王 昆,陳 強
陜西省榆林市第一醫院:1.病理科;2.手足顯微外科,陜西榆林 719000
子宮內膜癌是一種常見的發生于子宮內膜上皮的女性生殖器官惡性腫瘤,近年來隨著肥胖、多囊卵巢綜合征的增多,子宮內膜癌的發病率和病死率也不斷升高[1-2]。蘇立貞等[3]研究發現,免疫細胞、炎癥因子、血管新生、原癌基因激活等與腫瘤的發生和發展密切相關。有研究表明,子宮內膜癌發病機制復雜,環境、遺傳等因素均與其發病相關[4-5],磷酸甘油酸酯激酶1(PGK1)在糖酵解過程中具有重要作用,可調控磷酸激酶的激活程度,影響癌細胞進展,在乳腺癌、肝癌、胃癌等中其表達會增加[6];血管內皮生長因子-C(VEGF-C)參與腫瘤組織的血管和淋巴管新生過程,也與腫瘤的淋巴結轉移有一定關系[7]。有研究發現,PGK1、VEGF-C參與子宮內膜癌的病理過程[8-9]。通過監測相關因子的表達情況可能發現該病發生的分子機制,對于患者針對性治療方案的制訂及預后的改善具有重要意義。本研究通過觀察子宮內膜癌患者癌組織及癌旁組織中PGK1、VEGF-C的表達及其與患者病理特征的關系,探討PGK1、VEGF-C在子宮內膜癌中的發病機制,以期為子宮內膜癌的早期診治提供新思路?,F報道如下。
1.1一般資料 回顧性選取2017年5月至2020年5月榆林市第一醫院收治的106例子宮內膜癌患者作為研究對象,所有患者均經組織病理檢查確診,每例標本中均含有癌組織和癌旁組織。本研究通過榆林市第一醫院醫學倫理委員會批準(2020-17號),所有研究對象均簽署知情同意書。納入標準:(1)子宮內膜癌符合第4版《子宮內膜癌診斷與治療指南》[10]中相關診斷標準;(2)經術后病理學檢查確診為子宮內膜癌;(3)年齡≥18歲;(4)首次確診;(5)臨床資料完整。排除標準:(1)妊娠期或哺乳期女性;(2)生殖系統先天畸形;(3)術前有放化療史;(4)伴其他惡性腫瘤;(5)生殖道盆腔感染;(6)臟器功能嚴重障礙;(7)合并內分泌疾病;(8)存活時間≤3個月。

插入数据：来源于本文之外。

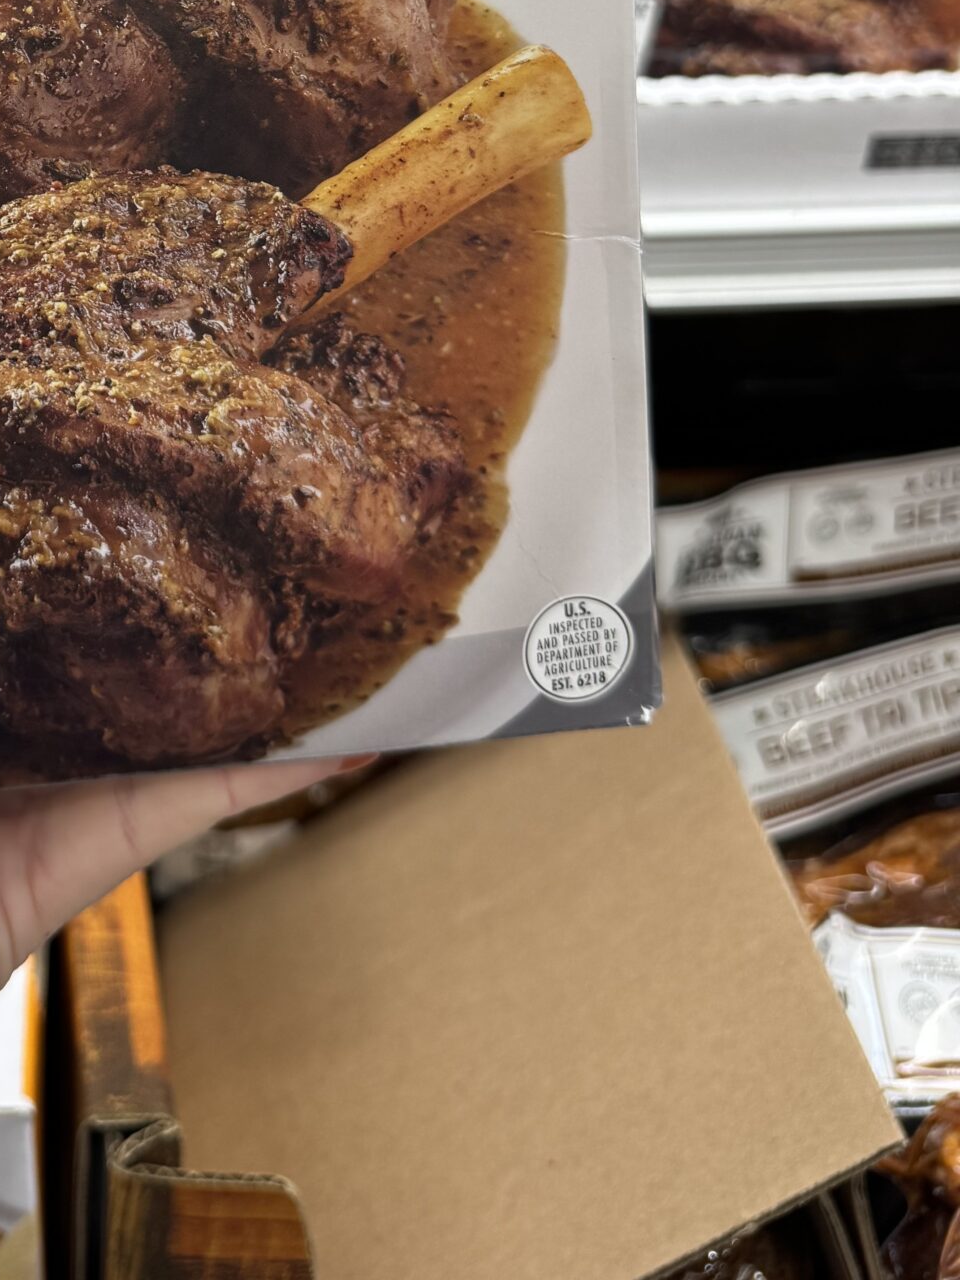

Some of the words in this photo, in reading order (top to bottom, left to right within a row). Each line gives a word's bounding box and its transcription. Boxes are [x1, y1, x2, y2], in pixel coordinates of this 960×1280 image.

[563, 600, 590, 617] U.S.
[548, 616, 602, 634] INSPECTED
[536, 636, 557, 650] AND
[562, 630, 598, 646] PASSED
[603, 627, 615, 639] BY
[536, 643, 599, 663] DEPARTMENT
[605, 640, 617, 653] OF
[544, 654, 611, 676] AGRICULTURE
[551, 676, 572, 691] EST.
[576, 670, 606, 687] 6218

1.2方法 (1)比較子宮內膜癌患者癌組織與癌旁組織PGK1、VEGF-C表達。采用免疫組織化學染色法檢測子宮內膜癌患者癌組織與癌旁組織內PGK1、VEGF-C表達,癌旁組織取距離癌組織5 cm以上的正常子宮內膜組織。PGK1、VEGF-C主要分布于細胞質中,依據染色強度與陽性細胞占比評分之積對PGK1、VEGF-C進行判定。染色強度評分0分(無色)、1分(淺黃色)、2分(黃色)、3分(棕色);陽性細胞占比評分:0分(<5%)、1分(5%~<25%)、2分(25%~<50%)、3分(50%~<75%)、4分(≥75%);PGK1乘積:>5分為高表達,≤5分為低表達;VEGF-C乘積:>2分為陽性,≤2分為陰性。(2)分析子宮內膜癌患者癌組織PGK1、VEGF-C表達與病理特征間的關系。收集患者的年齡、腫瘤最大徑、病理類型、分化程度、國際婦產科聯盟(FIGO)分期、肌層浸潤深度、淋巴轉移狀態等臨床資料,比較不同病理特征子宮內膜癌患者癌組織內PGK1、VEGF-C表達。(3)比較子宮內膜癌組織內不同PGK1、VEGF-C表達患者的預后情況。院外隨訪3年,采用電話或門診的形式觀察PGK1高表達、PGK1低表達、VEGF-C陽性、VEGF-C陰性患者的3年生存情況。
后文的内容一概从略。